> [YOUR TASK]
All records must be quoted exactly. Omit the pictures.

> [RECORDS SUPPLIED]
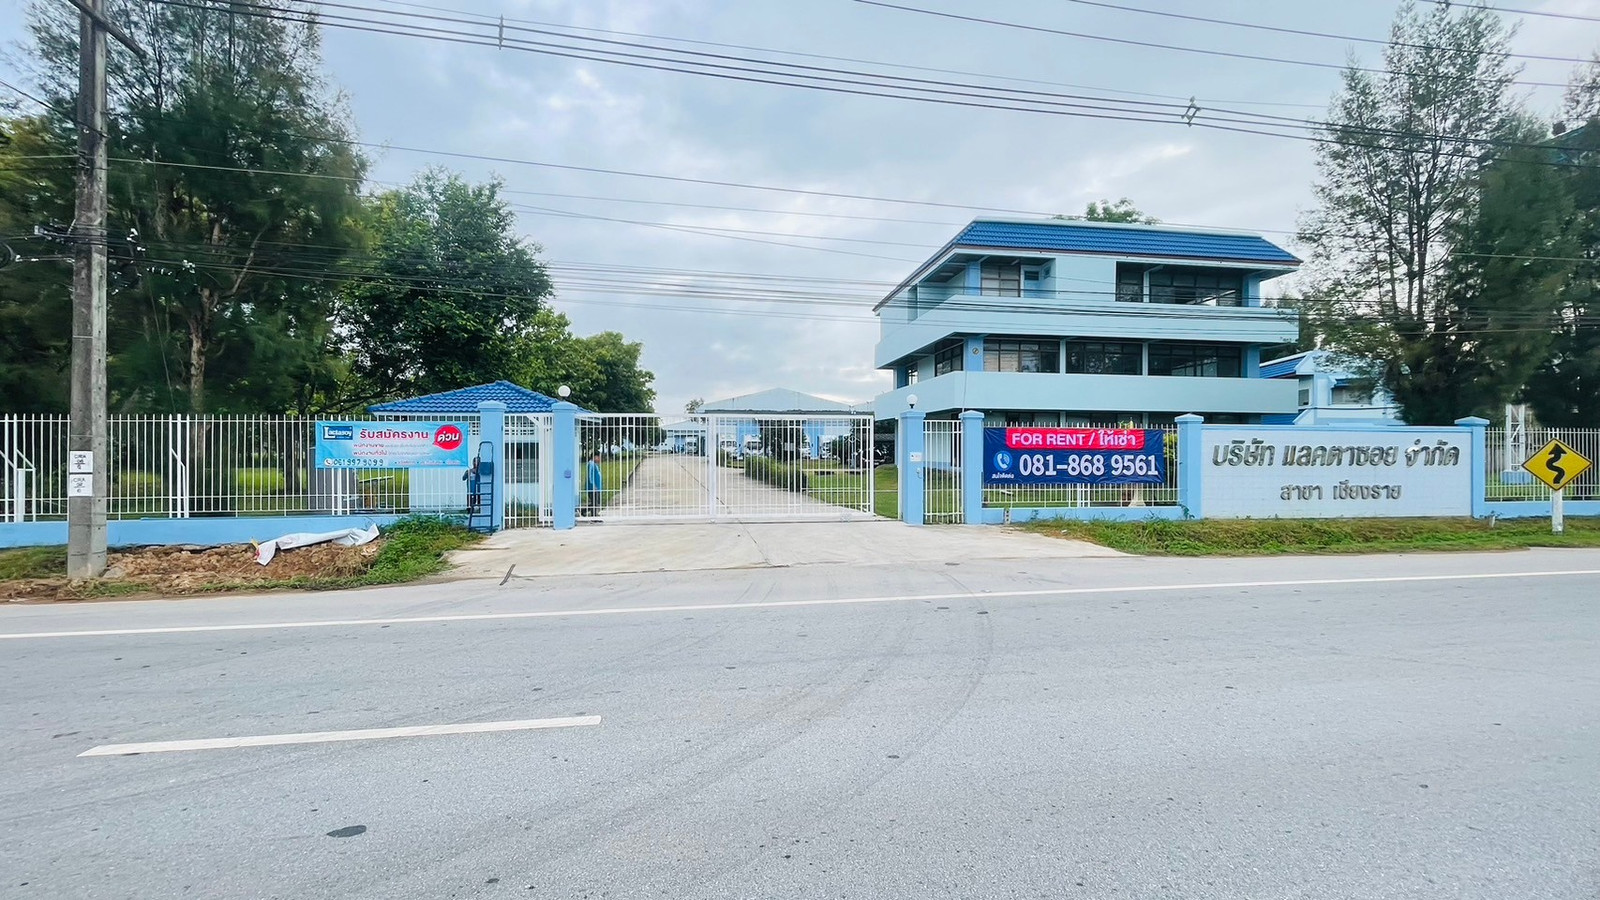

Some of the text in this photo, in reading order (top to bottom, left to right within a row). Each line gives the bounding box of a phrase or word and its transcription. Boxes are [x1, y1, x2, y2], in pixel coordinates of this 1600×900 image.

[324, 426, 352, 439] Lactasoy
[360, 428, 429, 439] รับสมัครงาน
[437, 430, 460, 442] ด่วน
[1012, 429, 1136, 446] FOR RENT / ให้เช่า
[1212, 438, 1460, 467] บริษัท แลคตาซอย จำกัด
[1019, 454, 1159, 476] 081-868 9561
[1280, 480, 1402, 500] สาขา เชียงราย
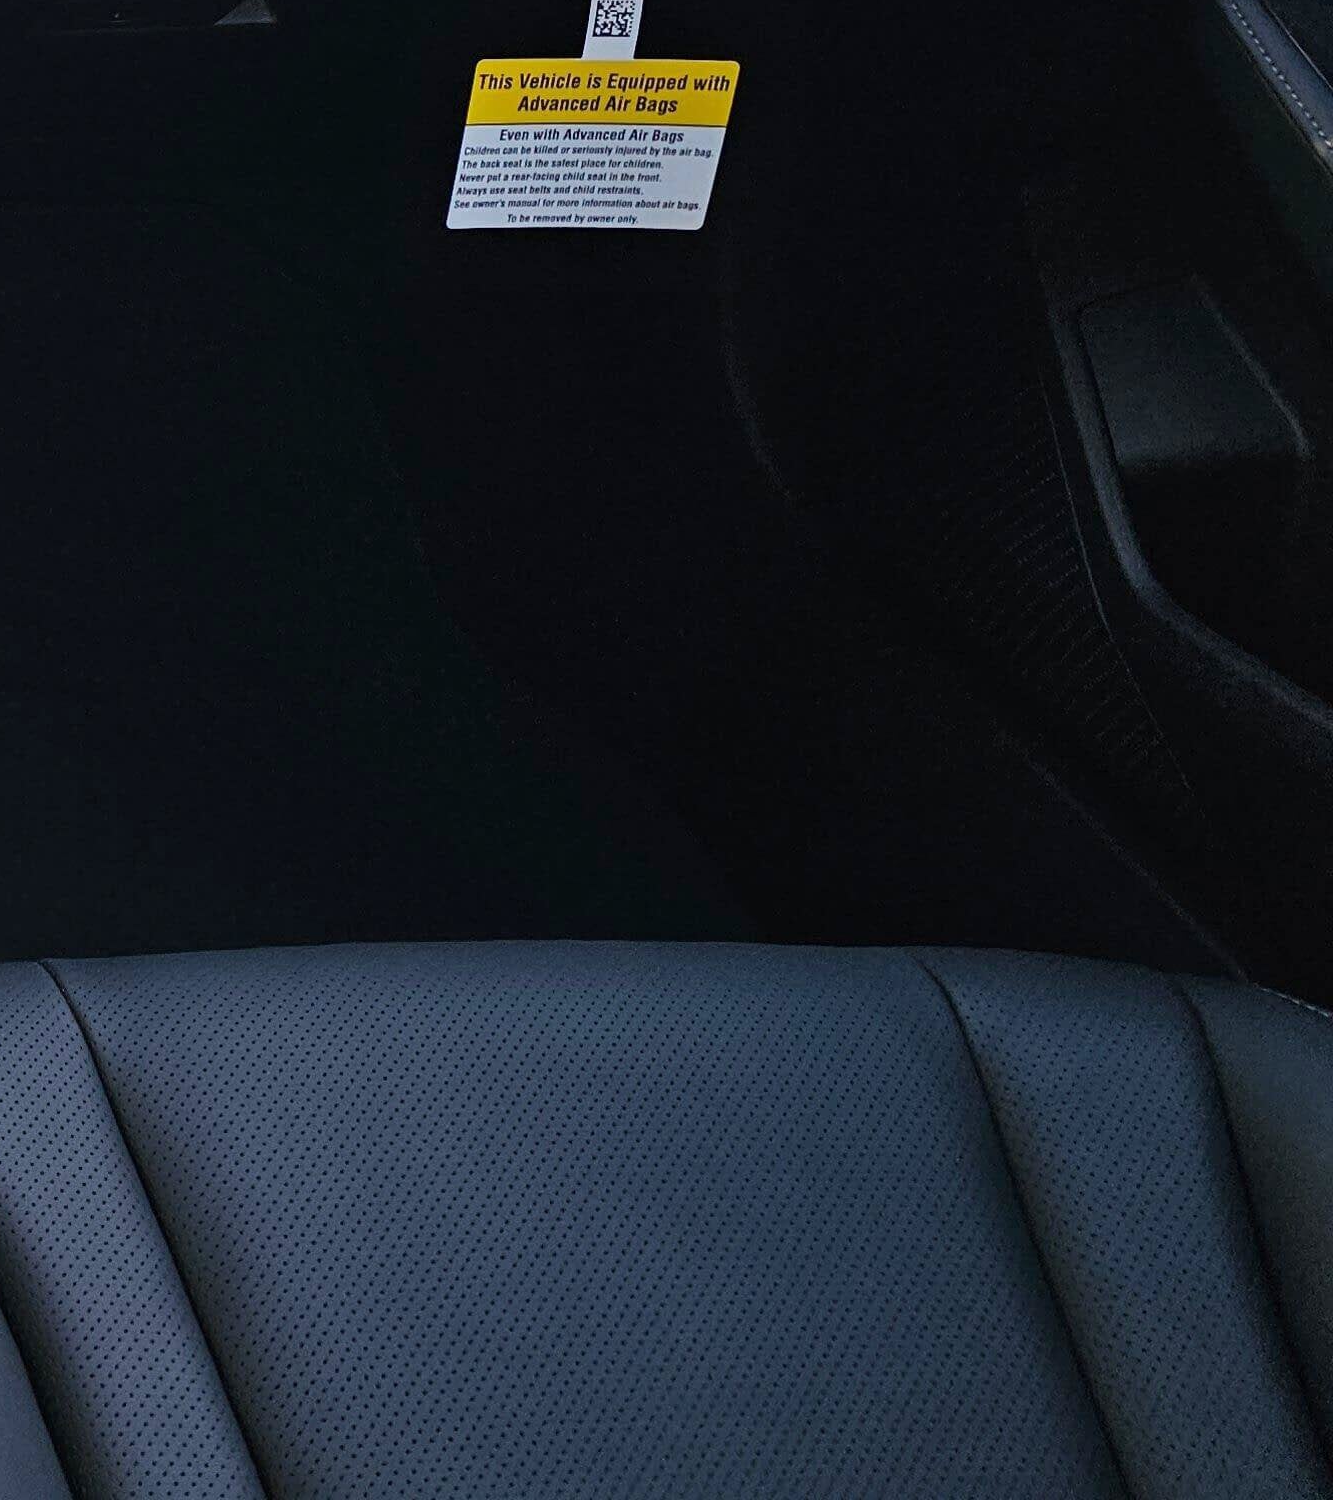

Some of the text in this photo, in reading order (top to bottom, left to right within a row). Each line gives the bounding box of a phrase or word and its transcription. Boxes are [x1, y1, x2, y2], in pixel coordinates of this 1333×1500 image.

> [RESPONSE]
Some of the text in this photo, in reading order (top to bottom, left to right within a row). Each line gives the bounding box of a phrase or word and its transcription. Boxes are [x1, y1, x2, y2], in pixel coordinates of this 1600×900 image.

[324, 426, 352, 439] Lactasoy
[360, 428, 429, 439] รับสมัครงาน
[437, 430, 460, 442] ด่วน
[1012, 429, 1136, 446] FOR RENT / ให้เช่า
[1212, 438, 1460, 467] บริษัท แลคตาซอย จำกัด
[1019, 454, 1159, 476] 081-868 9561
[1280, 480, 1402, 500] สาขา เชียงราย

Some of the text in this photo, in reading order (top to bottom, left to right within a row). Each line gives the bounding box of a phrase or word and its transcription. Boxes are [x1, y1, x2, y2], in pixel coordinates of this 1333×1500 image.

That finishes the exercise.